Defendants in Anchorage Port Suit Seek Dismissal

Three companies being sued by the City of Anchorage for alleging mismanaging an expansion of the Port of Anchorage are trying to have the suit dismissed.

Project construction manager Integrated Concepts and Research Corp., known as ICRC; designer PND Engineers; and engineering and construction company CH2M Hill were sued in March 2013 by the city. In mid-April, all three companies filed motions with the US District Court in Anchorage denying liability and seeking to have the lawsuit thrown out.

Anchorage’s suit came in the wake of a late 2012 report that revealed three of four new sections built at the port were not constructed correctly, and due to shifting land, could fail during an earthquake.

The $2.2 million, 2,200-page sustainability study was conducted by CH2M Hill on behalf of the US Maritime Administration (MARAD) and the US Army Corps of Engineers. It says the danger comes mainly from a foundation system called Open Cell Sheet Pile, or OCSP, where instead of building a traditional dock on piling, interlocking sheets of steel are hammered into the sea floor to form U-shaped cells, which are then backfilled with dirt and gravel.

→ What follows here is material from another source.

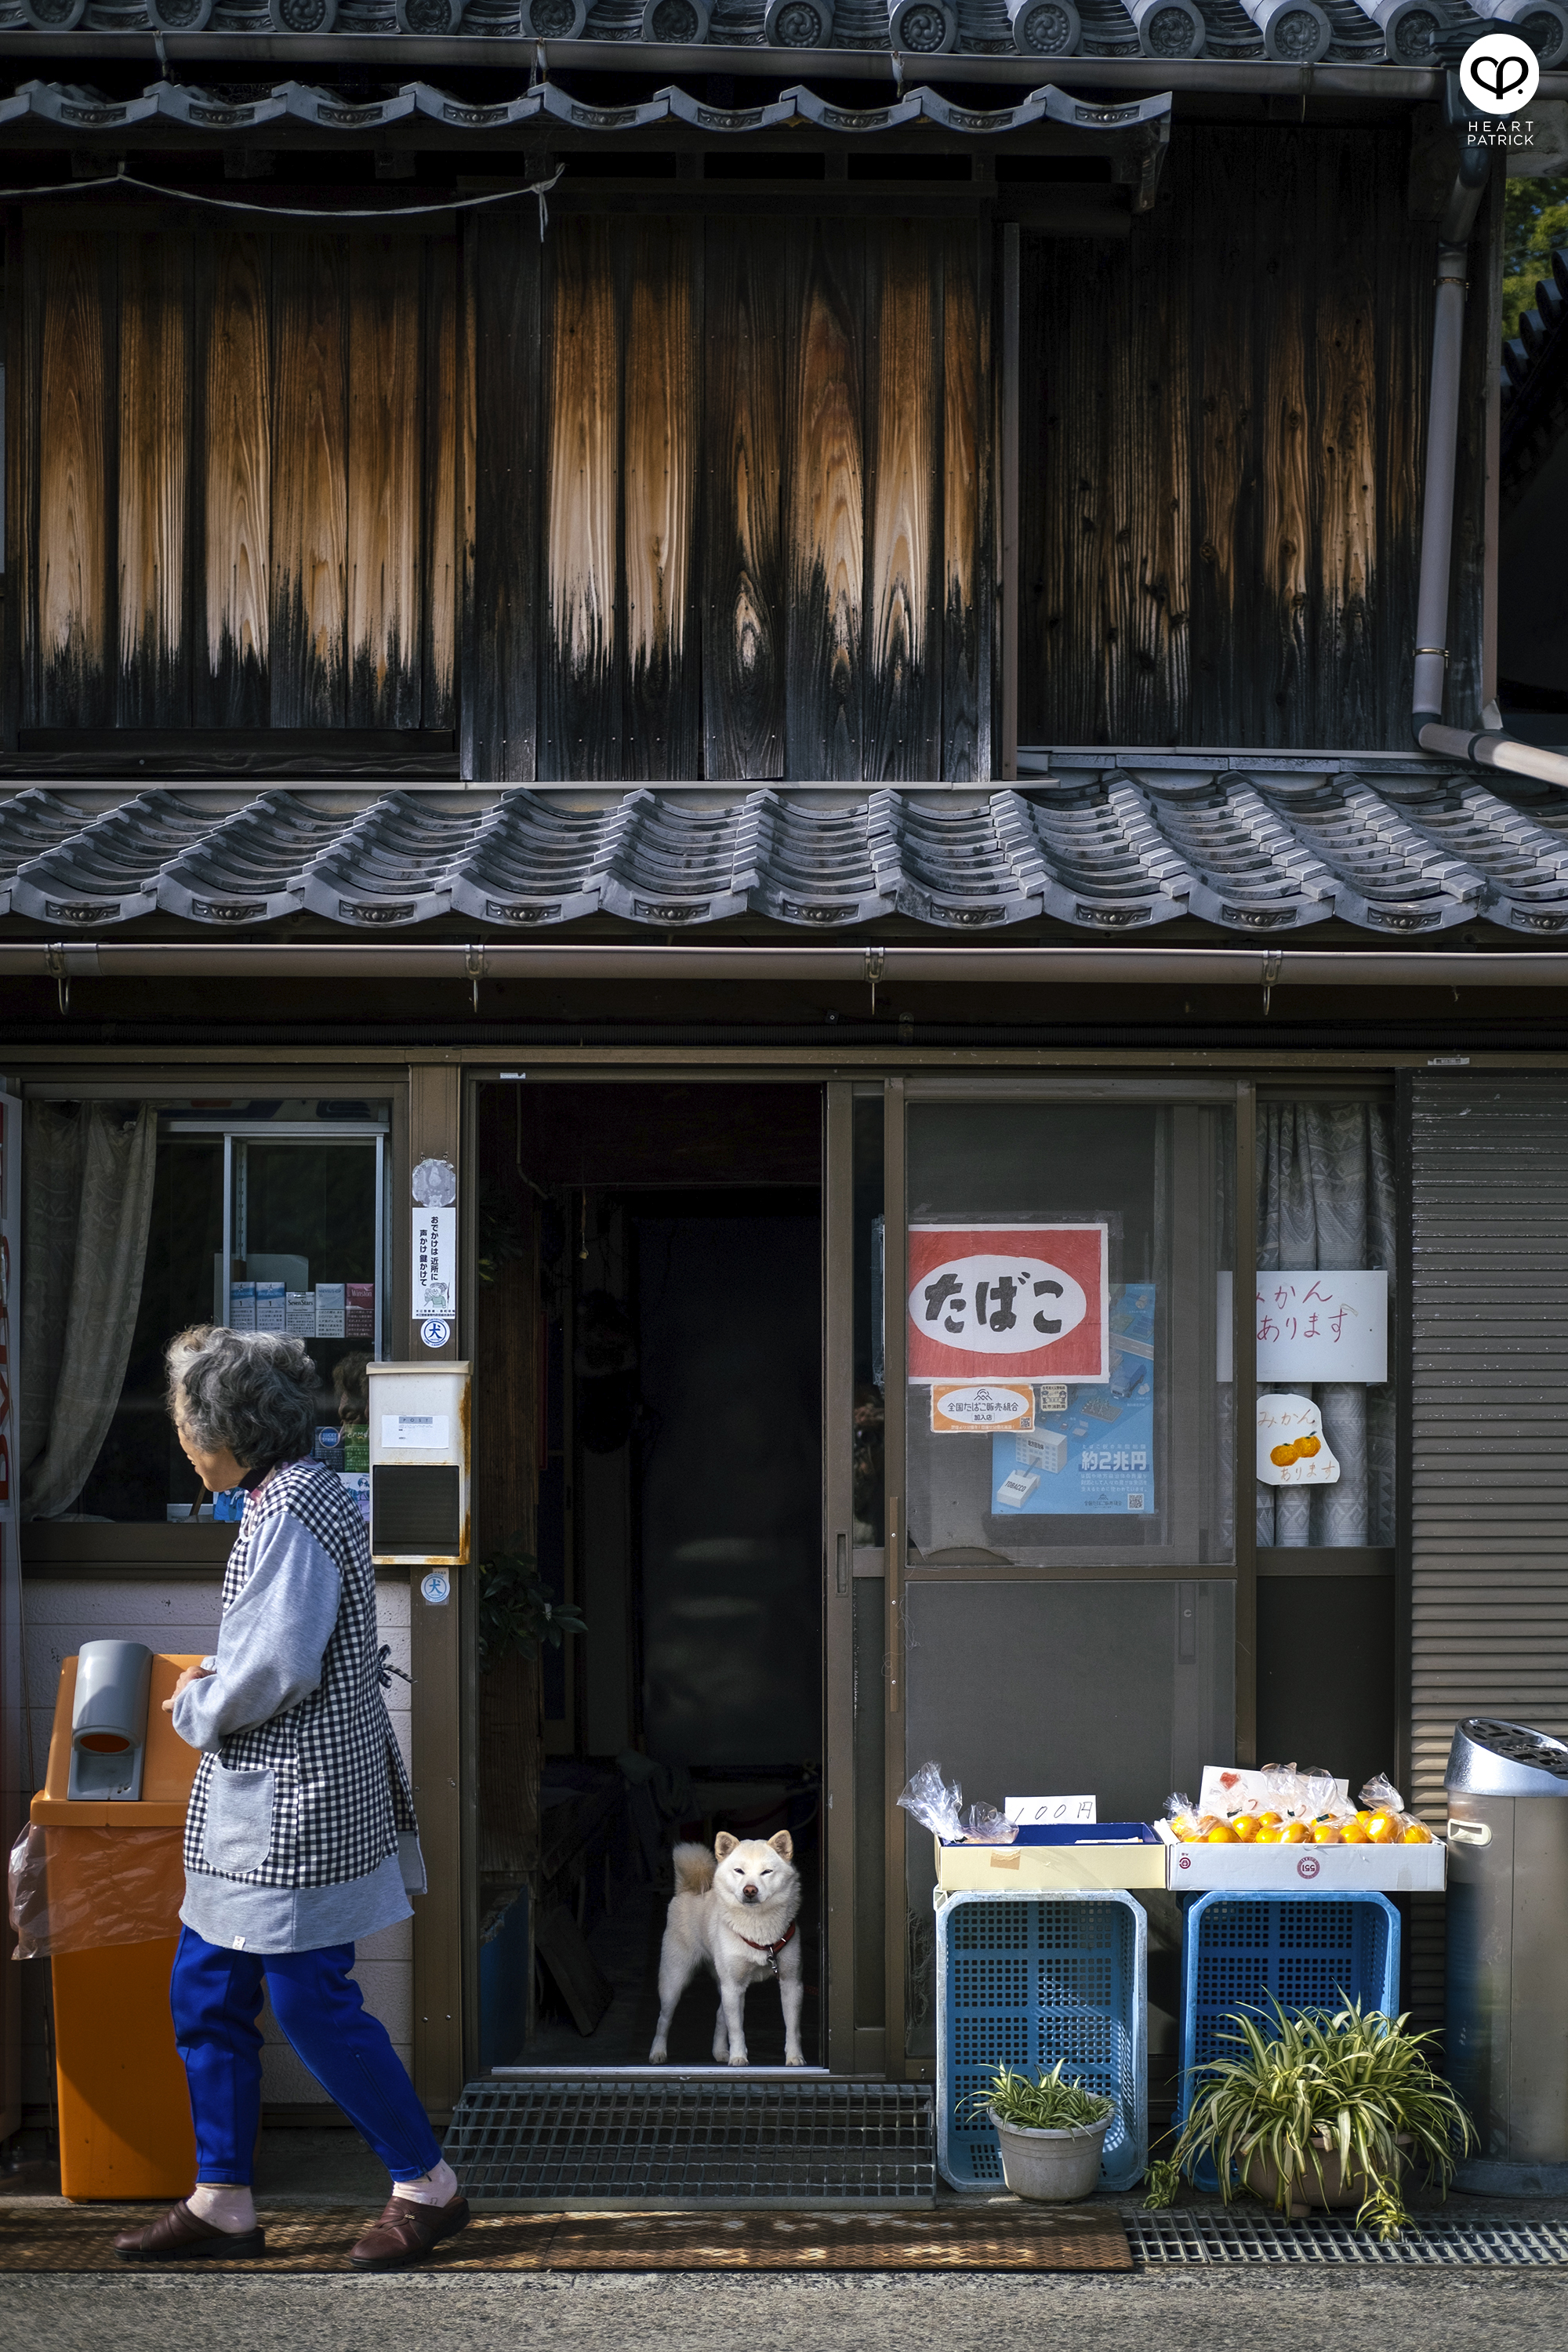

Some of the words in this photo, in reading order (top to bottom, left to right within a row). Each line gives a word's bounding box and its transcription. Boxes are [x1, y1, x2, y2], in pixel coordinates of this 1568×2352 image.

Due to the problems, most construction of the project was halted in 2010.

The city seeks an unspecified amount in damages in its lawsuit, but the expansion, which has been in the works for more than a decade, was originally estimated to cost $360 million, and was supposed to be complete by 2011.

Instead, cost estimates have jumped to more than $1 billion and continue to climb. Project completion is at least a decade away, according to port estimates.